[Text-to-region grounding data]

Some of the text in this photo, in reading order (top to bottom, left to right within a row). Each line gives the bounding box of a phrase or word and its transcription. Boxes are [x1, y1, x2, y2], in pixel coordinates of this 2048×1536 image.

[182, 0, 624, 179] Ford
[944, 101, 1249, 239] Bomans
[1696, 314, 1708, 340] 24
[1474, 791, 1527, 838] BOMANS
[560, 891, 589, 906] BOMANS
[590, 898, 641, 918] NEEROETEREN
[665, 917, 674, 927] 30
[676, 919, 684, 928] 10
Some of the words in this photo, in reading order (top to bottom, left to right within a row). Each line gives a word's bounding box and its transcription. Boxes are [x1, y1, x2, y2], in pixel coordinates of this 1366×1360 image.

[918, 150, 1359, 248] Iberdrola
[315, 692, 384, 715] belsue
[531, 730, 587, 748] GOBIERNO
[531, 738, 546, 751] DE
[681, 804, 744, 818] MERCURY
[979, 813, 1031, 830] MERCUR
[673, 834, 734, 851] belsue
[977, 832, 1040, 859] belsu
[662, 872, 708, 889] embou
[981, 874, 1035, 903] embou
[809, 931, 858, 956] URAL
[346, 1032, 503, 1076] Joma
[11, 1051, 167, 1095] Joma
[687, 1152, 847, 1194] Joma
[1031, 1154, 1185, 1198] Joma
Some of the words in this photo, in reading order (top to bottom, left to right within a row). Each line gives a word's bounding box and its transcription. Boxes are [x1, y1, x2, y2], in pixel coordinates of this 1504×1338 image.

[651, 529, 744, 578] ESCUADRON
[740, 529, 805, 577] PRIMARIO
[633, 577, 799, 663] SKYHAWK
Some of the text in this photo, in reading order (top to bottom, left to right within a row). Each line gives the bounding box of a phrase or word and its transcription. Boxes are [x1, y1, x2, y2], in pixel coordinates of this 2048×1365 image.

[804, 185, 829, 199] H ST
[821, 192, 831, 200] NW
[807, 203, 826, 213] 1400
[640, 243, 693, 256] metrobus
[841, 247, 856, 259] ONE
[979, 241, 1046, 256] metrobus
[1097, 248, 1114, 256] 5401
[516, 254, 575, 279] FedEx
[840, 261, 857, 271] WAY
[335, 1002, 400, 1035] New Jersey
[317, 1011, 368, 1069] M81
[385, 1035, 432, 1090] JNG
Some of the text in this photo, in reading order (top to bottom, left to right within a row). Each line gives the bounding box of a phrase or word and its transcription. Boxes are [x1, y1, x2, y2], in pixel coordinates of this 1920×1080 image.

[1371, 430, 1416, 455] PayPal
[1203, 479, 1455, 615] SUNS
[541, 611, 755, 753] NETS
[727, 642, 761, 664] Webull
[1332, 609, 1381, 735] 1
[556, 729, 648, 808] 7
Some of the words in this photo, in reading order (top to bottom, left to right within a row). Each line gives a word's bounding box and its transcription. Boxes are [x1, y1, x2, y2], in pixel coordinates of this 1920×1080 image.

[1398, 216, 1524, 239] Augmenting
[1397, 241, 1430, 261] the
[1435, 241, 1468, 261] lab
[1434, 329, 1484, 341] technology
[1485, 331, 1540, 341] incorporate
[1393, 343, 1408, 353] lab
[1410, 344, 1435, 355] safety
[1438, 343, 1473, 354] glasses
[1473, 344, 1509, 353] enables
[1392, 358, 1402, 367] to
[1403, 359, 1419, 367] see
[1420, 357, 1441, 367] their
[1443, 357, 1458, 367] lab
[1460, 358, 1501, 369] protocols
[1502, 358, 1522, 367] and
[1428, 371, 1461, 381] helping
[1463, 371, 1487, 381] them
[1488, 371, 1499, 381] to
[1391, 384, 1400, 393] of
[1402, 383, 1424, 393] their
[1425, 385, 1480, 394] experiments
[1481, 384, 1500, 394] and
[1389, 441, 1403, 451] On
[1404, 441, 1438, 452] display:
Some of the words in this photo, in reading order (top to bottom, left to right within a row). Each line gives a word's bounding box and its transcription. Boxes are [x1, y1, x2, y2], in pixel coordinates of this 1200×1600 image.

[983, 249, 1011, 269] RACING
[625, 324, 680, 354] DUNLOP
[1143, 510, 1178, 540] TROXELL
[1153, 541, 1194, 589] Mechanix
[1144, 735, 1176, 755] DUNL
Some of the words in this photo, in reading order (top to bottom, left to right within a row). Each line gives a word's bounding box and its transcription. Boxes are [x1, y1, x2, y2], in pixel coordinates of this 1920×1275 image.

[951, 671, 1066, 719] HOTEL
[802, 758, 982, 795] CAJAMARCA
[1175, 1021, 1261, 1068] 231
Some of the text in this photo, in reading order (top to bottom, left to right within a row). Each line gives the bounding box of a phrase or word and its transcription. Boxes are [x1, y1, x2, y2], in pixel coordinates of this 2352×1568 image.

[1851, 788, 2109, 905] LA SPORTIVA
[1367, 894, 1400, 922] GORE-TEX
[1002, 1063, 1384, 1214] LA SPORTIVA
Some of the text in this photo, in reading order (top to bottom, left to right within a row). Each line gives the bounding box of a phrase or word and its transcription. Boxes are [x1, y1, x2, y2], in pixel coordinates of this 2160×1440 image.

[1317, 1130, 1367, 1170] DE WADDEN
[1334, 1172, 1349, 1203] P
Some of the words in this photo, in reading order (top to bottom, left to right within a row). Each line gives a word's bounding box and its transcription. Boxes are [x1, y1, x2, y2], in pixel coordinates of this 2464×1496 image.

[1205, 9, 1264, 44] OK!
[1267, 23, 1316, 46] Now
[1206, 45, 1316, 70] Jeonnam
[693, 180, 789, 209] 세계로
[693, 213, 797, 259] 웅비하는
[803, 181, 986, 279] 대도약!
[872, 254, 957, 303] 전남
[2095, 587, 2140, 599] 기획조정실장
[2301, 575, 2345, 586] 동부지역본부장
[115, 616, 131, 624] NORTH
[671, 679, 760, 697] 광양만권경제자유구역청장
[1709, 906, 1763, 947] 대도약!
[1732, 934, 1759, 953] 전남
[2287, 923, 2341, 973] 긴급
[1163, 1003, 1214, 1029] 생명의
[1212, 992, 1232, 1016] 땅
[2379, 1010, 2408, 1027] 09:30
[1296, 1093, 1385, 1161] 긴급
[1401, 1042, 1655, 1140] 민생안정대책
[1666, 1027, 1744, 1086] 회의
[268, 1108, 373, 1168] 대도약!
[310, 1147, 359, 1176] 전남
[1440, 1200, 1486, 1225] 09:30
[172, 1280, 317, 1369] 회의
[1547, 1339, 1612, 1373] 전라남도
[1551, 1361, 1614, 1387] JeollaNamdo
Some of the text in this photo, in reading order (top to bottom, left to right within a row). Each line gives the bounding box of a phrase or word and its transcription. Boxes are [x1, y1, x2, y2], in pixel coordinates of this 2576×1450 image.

> Assignment
From the data above, give every line again exactly as it appears.

> Exercise answer
Some of the text in this photo, in reading order (top to bottom, left to right within a row). Each line gives the bounding box of a phrase or word and its transcription. Boxes are [x1, y1, x2, y2], in pixel coordinates of this 2048×1536 image.

[182, 0, 624, 179] Ford
[944, 101, 1249, 239] Bomans
[1696, 314, 1708, 340] 24
[1474, 791, 1527, 838] BOMANS
[560, 891, 589, 906] BOMANS
[590, 898, 641, 918] NEEROETEREN
[665, 917, 674, 927] 30
[676, 919, 684, 928] 10
Some of the words in this photo, in reading order (top to bottom, left to right within a row). Each line gives a word's bounding box and its transcription. Boxes are [x1, y1, x2, y2], in pixel coordinates of this 1366×1360 image.

[918, 150, 1359, 248] Iberdrola
[315, 692, 384, 715] belsue
[531, 730, 587, 748] GOBIERNO
[531, 738, 546, 751] DE
[681, 804, 744, 818] MERCURY
[979, 813, 1031, 830] MERCUR
[673, 834, 734, 851] belsue
[977, 832, 1040, 859] belsu
[662, 872, 708, 889] embou
[981, 874, 1035, 903] embou
[809, 931, 858, 956] URAL
[346, 1032, 503, 1076] Joma
[11, 1051, 167, 1095] Joma
[687, 1152, 847, 1194] Joma
[1031, 1154, 1185, 1198] Joma
Some of the words in this photo, in reading order (top to bottom, left to right within a row). Each line gives a word's bounding box and its transcription. Boxes are [x1, y1, x2, y2], in pixel coordinates of this 1504×1338 image.

[651, 529, 744, 578] ESCUADRON
[740, 529, 805, 577] PRIMARIO
[633, 577, 799, 663] SKYHAWK
Some of the text in this photo, in reading order (top to bottom, left to right within a row). Each line gives the bounding box of a phrase or word and its transcription. Boxes are [x1, y1, x2, y2], in pixel coordinates of this 2048×1365 image.

[804, 185, 829, 199] H ST
[821, 192, 831, 200] NW
[807, 203, 826, 213] 1400
[640, 243, 693, 256] metrobus
[841, 247, 856, 259] ONE
[979, 241, 1046, 256] metrobus
[1097, 248, 1114, 256] 5401
[516, 254, 575, 279] FedEx
[840, 261, 857, 271] WAY
[335, 1002, 400, 1035] New Jersey
[317, 1011, 368, 1069] M81
[385, 1035, 432, 1090] JNG
Some of the text in this photo, in reading order (top to bottom, left to right within a row). Each line gives the bounding box of a phrase or word and its transcription. Boxes are [x1, y1, x2, y2], in pixel coordinates of this 1920×1080 image.

[1371, 430, 1416, 455] PayPal
[1203, 479, 1455, 615] SUNS
[541, 611, 755, 753] NETS
[727, 642, 761, 664] Webull
[1332, 609, 1381, 735] 1
[556, 729, 648, 808] 7
Some of the words in this photo, in reading order (top to bottom, left to right within a row). Each line gives a word's bounding box and its transcription. Boxes are [x1, y1, x2, y2], in pixel coordinates of this 1920×1080 image.

[1398, 216, 1524, 239] Augmenting
[1397, 241, 1430, 261] the
[1435, 241, 1468, 261] lab
[1434, 329, 1484, 341] technology
[1485, 331, 1540, 341] incorporate
[1393, 343, 1408, 353] lab
[1410, 344, 1435, 355] safety
[1438, 343, 1473, 354] glasses
[1473, 344, 1509, 353] enables
[1392, 358, 1402, 367] to
[1403, 359, 1419, 367] see
[1420, 357, 1441, 367] their
[1443, 357, 1458, 367] lab
[1460, 358, 1501, 369] protocols
[1502, 358, 1522, 367] and
[1428, 371, 1461, 381] helping
[1463, 371, 1487, 381] them
[1488, 371, 1499, 381] to
[1391, 384, 1400, 393] of
[1402, 383, 1424, 393] their
[1425, 385, 1480, 394] experiments
[1481, 384, 1500, 394] and
[1389, 441, 1403, 451] On
[1404, 441, 1438, 452] display:
Some of the words in this photo, in reading order (top to bottom, left to right within a row). Each line gives a word's bounding box and its transcription. Boxes are [x1, y1, x2, y2], in pixel coordinates of this 1200×1600 image.

[983, 249, 1011, 269] RACING
[625, 324, 680, 354] DUNLOP
[1143, 510, 1178, 540] TROXELL
[1153, 541, 1194, 589] Mechanix
[1144, 735, 1176, 755] DUNL
Some of the words in this photo, in reading order (top to bottom, left to right within a row). Each line gives a word's bounding box and its transcription. Boxes are [x1, y1, x2, y2], in pixel coordinates of this 1920×1275 image.

[951, 671, 1066, 719] HOTEL
[802, 758, 982, 795] CAJAMARCA
[1175, 1021, 1261, 1068] 231
Some of the text in this photo, in reading order (top to bottom, left to right within a row). Each line gives the bounding box of a phrase or word and its transcription. Boxes are [x1, y1, x2, y2], in pixel coordinates of this 2352×1568 image.

[1851, 788, 2109, 905] LA SPORTIVA
[1367, 894, 1400, 922] GORE-TEX
[1002, 1063, 1384, 1214] LA SPORTIVA
Some of the text in this photo, in reading order (top to bottom, left to right within a row). Each line gives the bounding box of a phrase or word and its transcription. Boxes are [x1, y1, x2, y2], in pixel coordinates of this 2160×1440 image.

[1317, 1130, 1367, 1170] DE WADDEN
[1334, 1172, 1349, 1203] P
Some of the words in this photo, in reading order (top to bottom, left to right within a row). Each line gives a word's bounding box and its transcription. Boxes are [x1, y1, x2, y2], in pixel coordinates of this 2464×1496 image.

[1205, 9, 1264, 44] OK!
[1267, 23, 1316, 46] Now
[1206, 45, 1316, 70] Jeonnam
[693, 180, 789, 209] 세계로
[693, 213, 797, 259] 웅비하는
[803, 181, 986, 279] 대도약!
[872, 254, 957, 303] 전남
[2095, 587, 2140, 599] 기획조정실장
[2301, 575, 2345, 586] 동부지역본부장
[115, 616, 131, 624] NORTH
[671, 679, 760, 697] 광양만권경제자유구역청장
[1709, 906, 1763, 947] 대도약!
[1732, 934, 1759, 953] 전남
[2287, 923, 2341, 973] 긴급
[1163, 1003, 1214, 1029] 생명의
[1212, 992, 1232, 1016] 땅
[2379, 1010, 2408, 1027] 09:30
[1296, 1093, 1385, 1161] 긴급
[1401, 1042, 1655, 1140] 민생안정대책
[1666, 1027, 1744, 1086] 회의
[268, 1108, 373, 1168] 대도약!
[310, 1147, 359, 1176] 전남
[1440, 1200, 1486, 1225] 09:30
[172, 1280, 317, 1369] 회의
[1547, 1339, 1612, 1373] 전라남도
[1551, 1361, 1614, 1387] JeollaNamdo
Some of the text in this photo, in reading order (top to bottom, left to right within a row). Each line gives the bounding box of a phrase or word and its transcription. Boxes are [x1, y1, x2, y2], in pixel coordinates of this 2576×1450 image.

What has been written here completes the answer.